In a previous post, I suggested personal learning networks as an ideal model for differentiated professional development. In the midst of diffusing this idea through communication with virtual colleagues as well as in a face-to-face format locally, several questions have come up. I'll try to sum them up:

  1. Will PLNs replace existing professional development? If not, how might it supplement existing initiatives and state/federal mandates?
  2. I thought PLNs were the "end-all" solution to differentiating professional development, why can't I find any resources/thoughts/commentary on ___________?
These both seem like logical questions given the recent "hype" surrounding personal learning networks, particularly as I have expressed my enthusiasm with building-level colleagues about its possibilities. I would like to take a few moments and address these two questions using a metaphor that came to mind today.

Personal learning networks should be viewed as "vitamins" rather than "aspirin."

Just as technology alone will not improve teaching and learning, PLNs are not the "aspirin" solution to our system's professional development headaches. The information gathered from blogs, wikis, Twitter and our favorite podcasts have the capacity to shape our philosophy of education as well as provide a medium for learning about new teaching resources. Personal learning networks are inherently de-centralized. School districts will always need to push out information to the masses through some form of centralized medium. Currently, this is often in the form of face-to-face in-service meetings to ensure that everyone is on the same page.

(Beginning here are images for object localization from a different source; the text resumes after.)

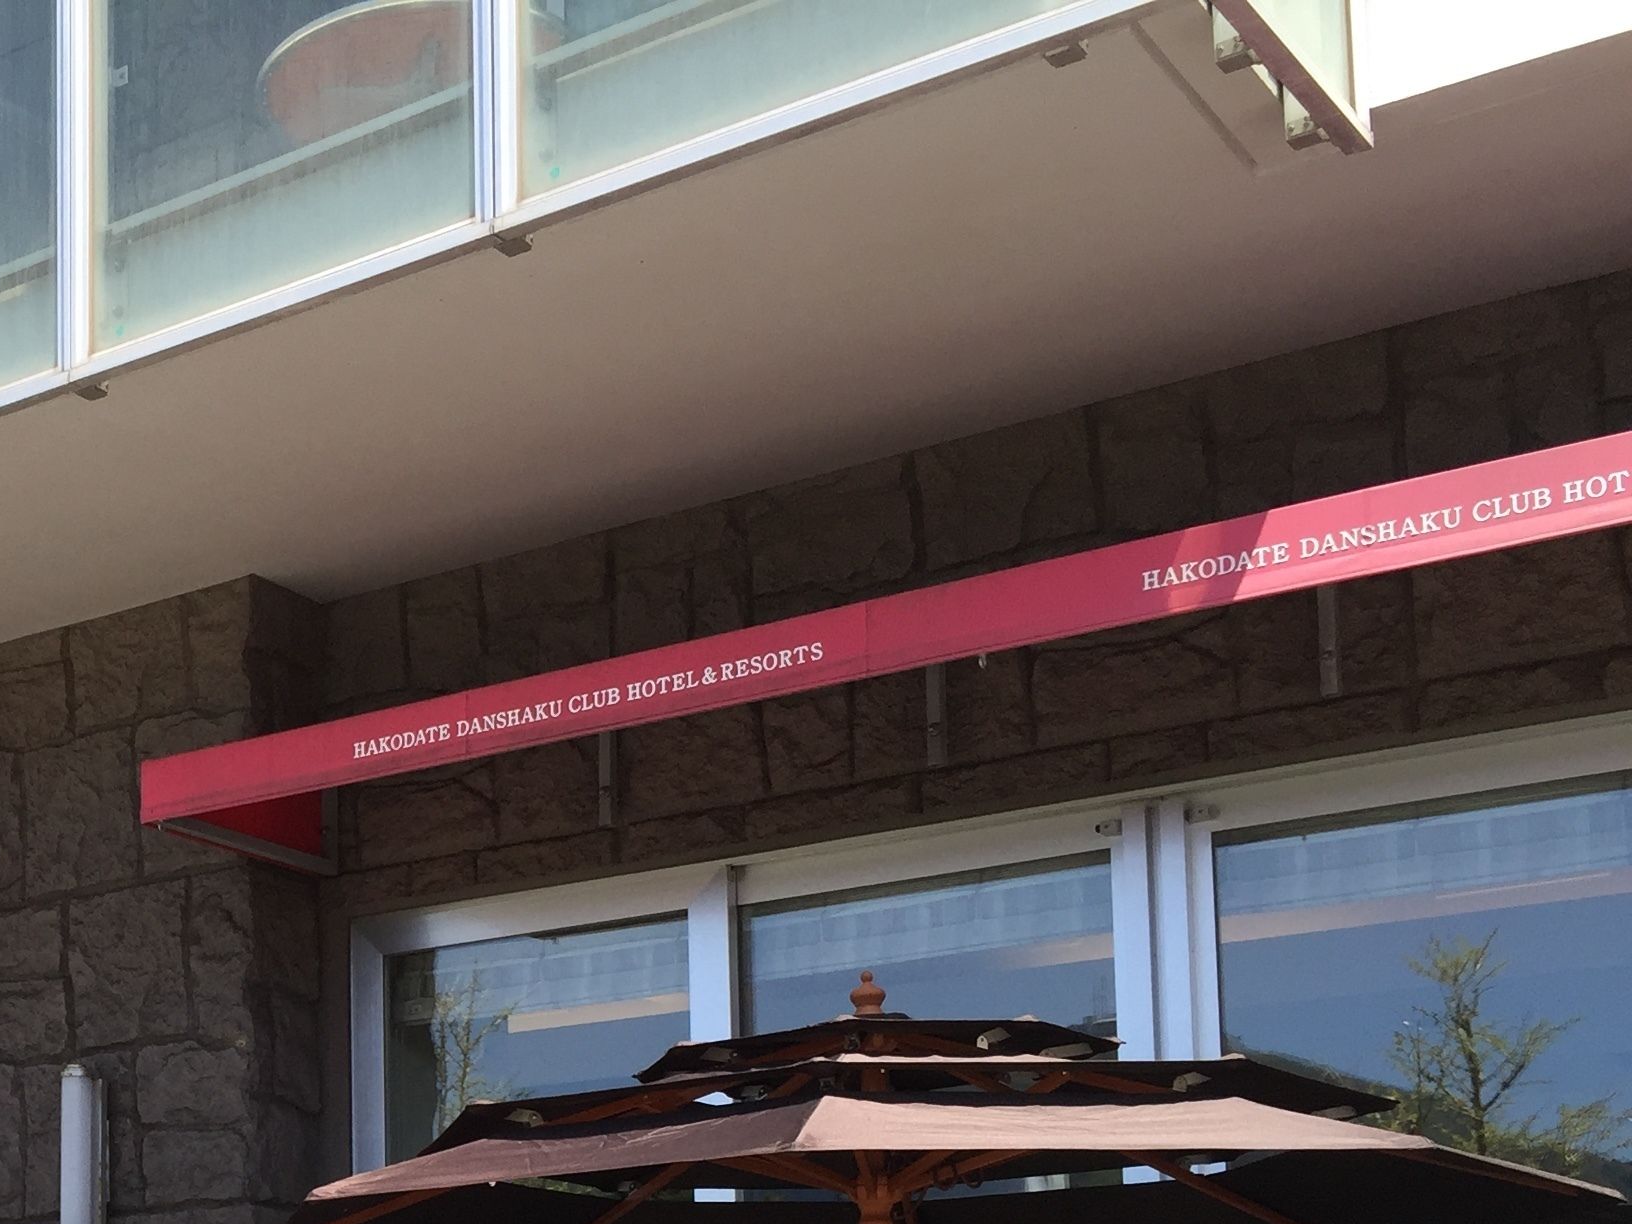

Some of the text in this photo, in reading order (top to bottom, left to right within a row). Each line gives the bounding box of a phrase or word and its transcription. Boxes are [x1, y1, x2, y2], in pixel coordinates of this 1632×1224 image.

[1141, 541, 1290, 592] HAKODATE
[1299, 506, 1463, 559] DANSHAKU
[1471, 486, 1553, 523] CLUB
[352, 723, 451, 760] HAKODATE
[456, 699, 564, 738] DANSHAKU
[567, 685, 621, 715] CLUB

I see PLNs as more of a "vitamin" approach to learning and professional development. The edubloggers I follow and journals I subscribe to strengthen my practice as an educator. Whenever I load up my RSS or Twitter feed, I am looking for new ideas and insights into the areas of math education, technology and assessment. Some tidbits are timely wheras most of it is archived for later retreival. I may read about an interesting use of cell phones in the classroom setting, but not actually find a use for it until weeks or months down the road. The ability to archive and search so much of what I read via my PLN makes it an invaluable resource to counter the "why can't I find information on ________?" question. If I don't find someone who is currently (or even willing) to talk/chat/Tweet/write about a given topic today, I may find something that will come in handy down the road. Just as vitamins strengthen the body for extended healthy use, I believe my personal learning network has greatly enhanced my educational practices.

While the idea of "personal learning networks" continues to evolve, I am interested to see how it will be individually marketed. It starts with those who are currently enjoying the benefits of networking for professional growth's sake.

What purpose does your PLN serve? Do you see it as "medicine" or a "vitamin" for your professional growth?